- TASK ITEM -
Each line from the one that contains "this 1512×1344 image." to the end of the material must be set down exactly, and no line before it.
┄┄┄┄┄┄┄┄┄┄
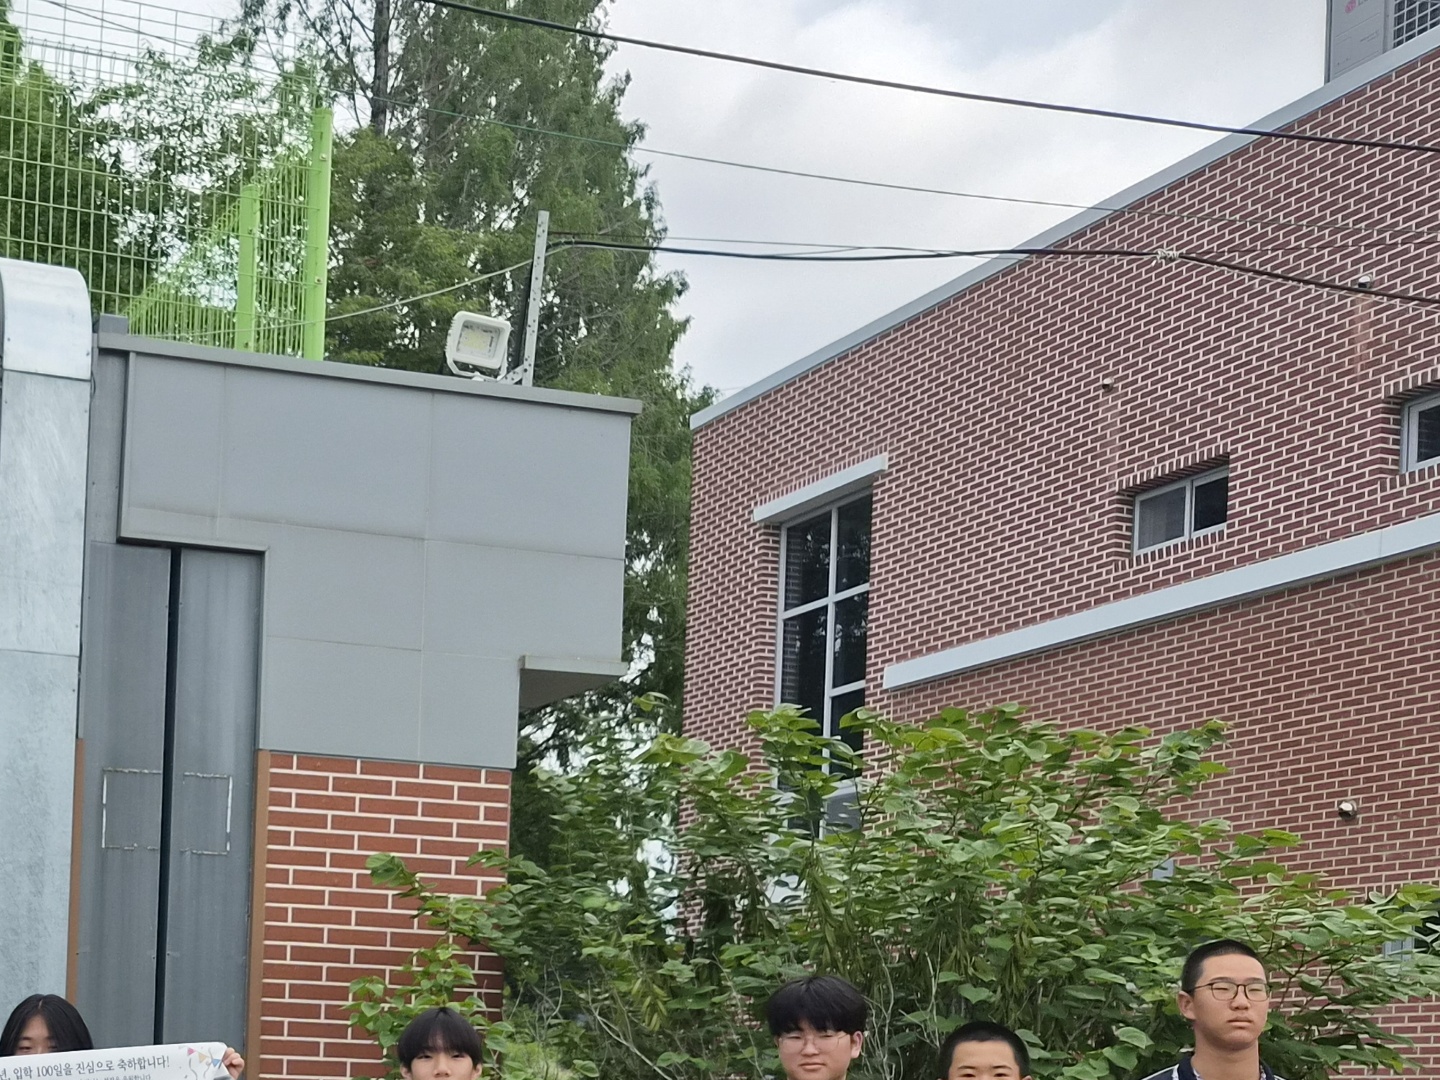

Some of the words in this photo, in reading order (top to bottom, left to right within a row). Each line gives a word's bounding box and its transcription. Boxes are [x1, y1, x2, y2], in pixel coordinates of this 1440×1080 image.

[12, 1065, 32, 1080] 입학
[36, 1062, 72, 1077] 100일을
[76, 1060, 114, 1074] 진심으로
[117, 1055, 169, 1071] 축하합니다!
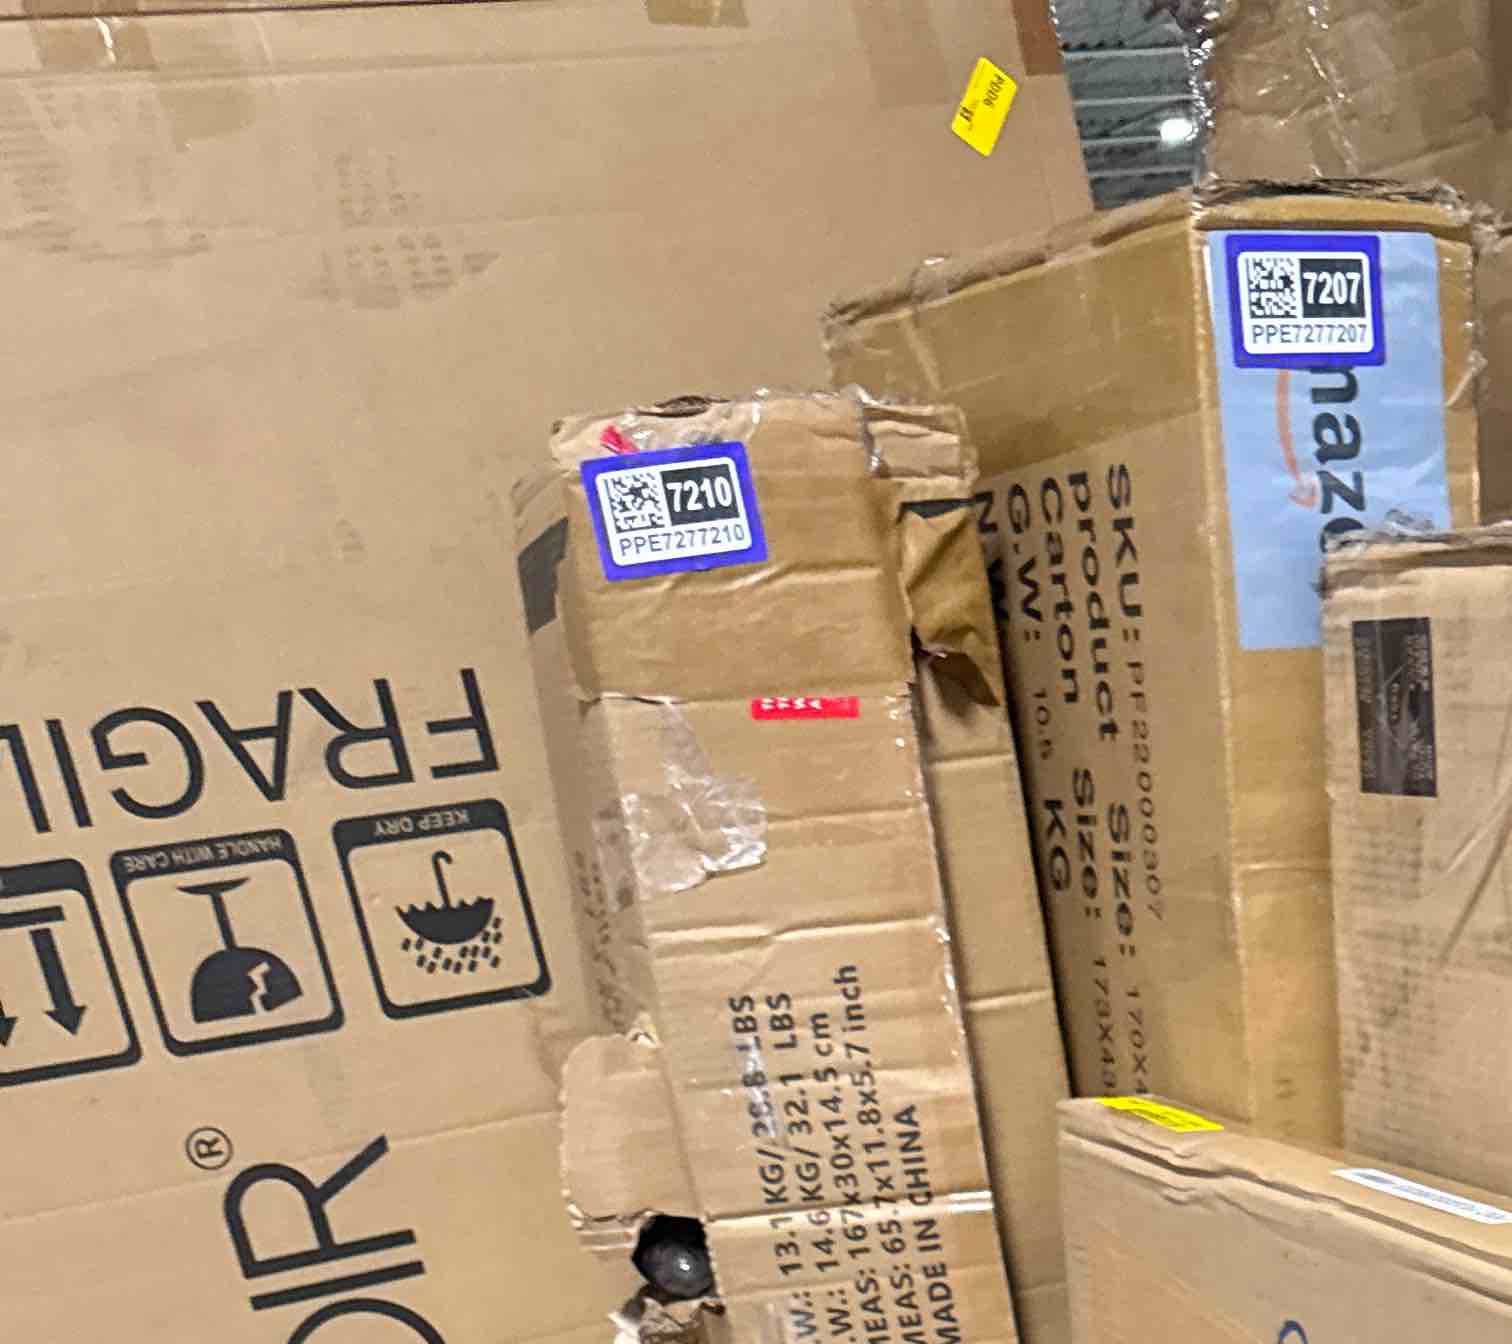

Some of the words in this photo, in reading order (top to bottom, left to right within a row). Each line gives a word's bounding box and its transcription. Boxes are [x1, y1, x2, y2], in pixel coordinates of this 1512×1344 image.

[1303, 271, 1362, 307] 7207
[1251, 324, 1368, 346] PPE7277207
[666, 476, 732, 513] 7210
[619, 524, 745, 557] PPE7277210
[1040, 478, 1080, 704] Carton
[1068, 471, 1120, 742] product
[1125, 987, 1150, 1097] 170X4
[374, 815, 422, 837] DRY
[1043, 799, 1071, 893] KG
[766, 992, 800, 1051] LBS
[833, 965, 867, 1034] inch
[808, 1013, 836, 1057] cm
[780, 1072, 813, 1136] 32.1
[893, 1104, 934, 1207] CHINA
[807, 1208, 841, 1272] 14.6
[912, 1219, 943, 1253] IN
┄┄┄┄┄┄┄┄┄┄
- RESPONSE -
Some of the words in this photo, in reading order (top to bottom, left to right within a row). Each line gives a word's bounding box and its transcription. Boxes are [x1, y1, x2, y2], in pixel coordinates of this 1512×1344 image.

[1303, 271, 1362, 307] 7207
[1251, 324, 1368, 346] PPE7277207
[666, 476, 732, 513] 7210
[619, 524, 745, 557] PPE7277210
[1040, 478, 1080, 704] Carton
[1068, 471, 1120, 742] product
[1125, 987, 1150, 1097] 170X4
[374, 815, 422, 837] DRY
[1043, 799, 1071, 893] KG
[766, 992, 800, 1051] LBS
[833, 965, 867, 1034] inch
[808, 1013, 836, 1057] cm
[780, 1072, 813, 1136] 32.1
[893, 1104, 934, 1207] CHINA
[807, 1208, 841, 1272] 14.6
[912, 1219, 943, 1253] IN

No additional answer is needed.